Petitioner challenged the suspension of his driving privilege at an administrative per se (APS) hearing with the DMV. The hearing occurred on December 16, 2020 and January 28, 2021. (AR 40, 78.)
At the APS hearing, to support a suspension of Petitioner’s driving privilege, the DMV was required to establish the following: (1) did the peace officer have reasonable cause to believe that Petitioner had been driving under the influence; (2) was Petitioner lawfully arrested; and (3) Petitioner was told that his driving privilege would be suspended or revoked if he refused to complete the required testing; and (4) Petitioner did refuse or fail to complete the chemical test after being asked to do so by a peace officer pursuant to a lawful DUI arrest. (AR 10.)
On February 11, 2021, the DMV issued its APS Notification of Findings and Decision (Decision) suspending Petitioner’s driving privilege for one-year. (AR 8-9.)
This action ensued.
STANDARD OF REVIEW
Petitioner contends the DMV abused its discretion when it suspended his driving privilege and license.

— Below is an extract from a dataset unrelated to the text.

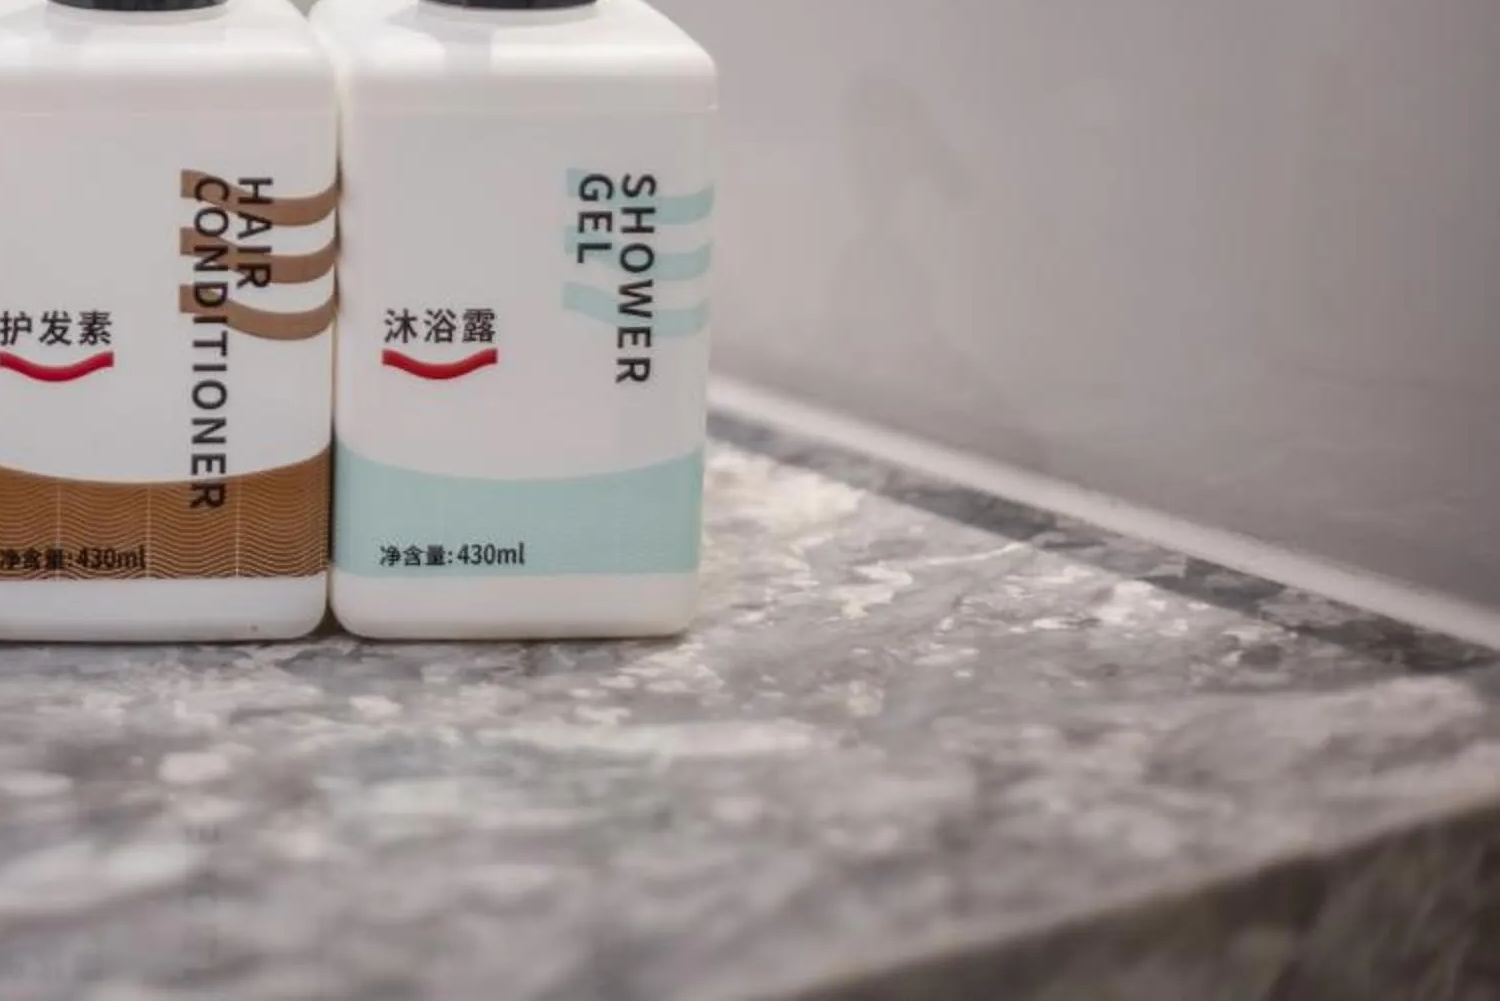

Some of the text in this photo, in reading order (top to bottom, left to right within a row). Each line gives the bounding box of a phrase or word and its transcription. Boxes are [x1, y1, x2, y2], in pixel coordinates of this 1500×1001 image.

Petitioner contends the DMV did not provide Petitioner a fair trial and the findings were not supported by the evidence.
Under Code of Civil Procedure section 1094.5, subdivision (b), the issues for review of an administrative decision are: whether the respondent has proceeded without jurisdiction, whether there was a fair trial, and whether there was a prejudicial abuse of discretion. An abuse of discretion is established if the respondent has not proceeded in the manner required by law, the decision is not supported by the findings, or the findings are not supported by the evidence. (Code Civ. Proc. § 1094.5, subd. (b).)

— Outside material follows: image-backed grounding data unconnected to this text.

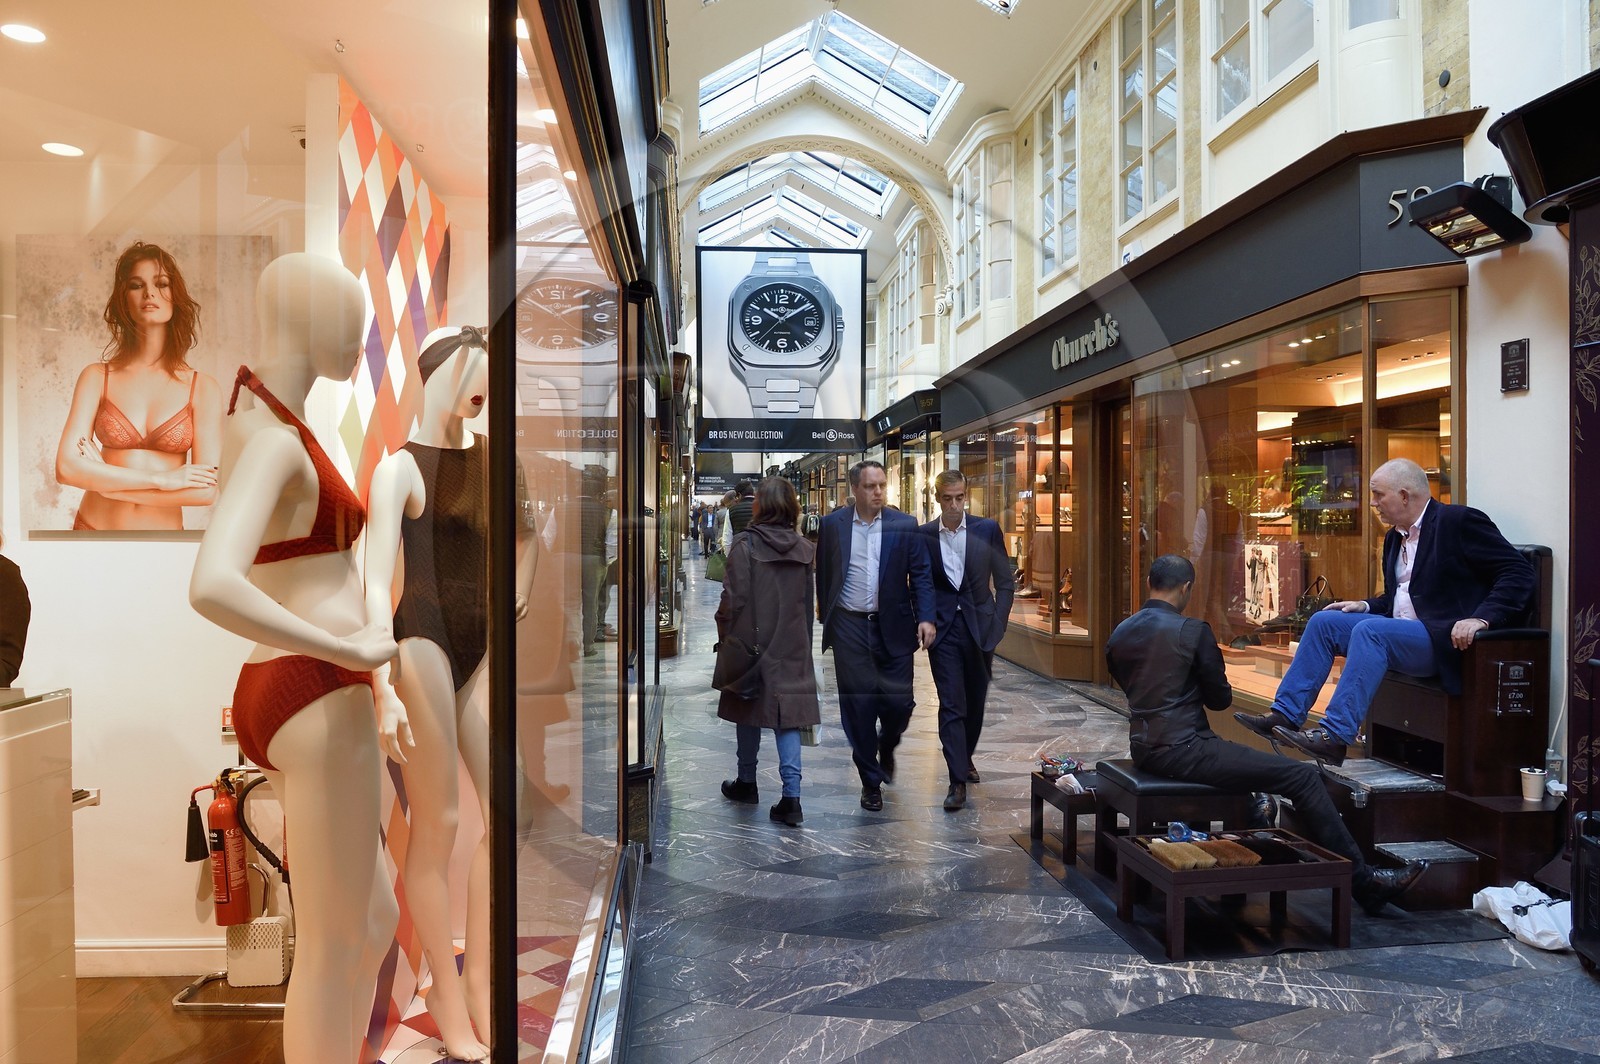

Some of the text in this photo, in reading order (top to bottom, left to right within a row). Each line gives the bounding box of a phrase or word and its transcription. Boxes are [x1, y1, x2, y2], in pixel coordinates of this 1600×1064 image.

[775, 294, 789, 304] 12
[751, 315, 762, 325] 9
[776, 338, 788, 348] 6
[1051, 312, 1120, 371] Church's
[708, 430, 784, 440] BR 05 NEW COLLECTION
[811, 429, 855, 441] Bell & Ross

The parties do not dispute the suspension of a driver’s license is reviewed under the court’s
independent judgment. (Berlinghieri v. Department of Motor Vehicles (1983) 33 Cal.3d 392, 396; Espinoza v. Shimoto (2017) 10 Cal.App.5th 85, 99.)
Accordingly, the court “ ‘not only examines the administrative record for errors of law but also exercises its independent judgment upon the evidence.’ ” (Fukuda v. City of Angels (1999) 20 Cal.4th 805, 816, fn. 8.) Exercise of independent judgment “does permit (indeed, [] requires) the trial court to reweigh the evidence by examining the credibility of witnesses.” (Barber v. Long Beach Civil Service Com. (1996) 45 Cal.App.4th 652, 658.) Under independent judgment, “abuse of discretion is established if the court determines that the findings are not supported by the weight of the evidence.” (Code of Civ. Proc. § 1094.5, subd. (b).)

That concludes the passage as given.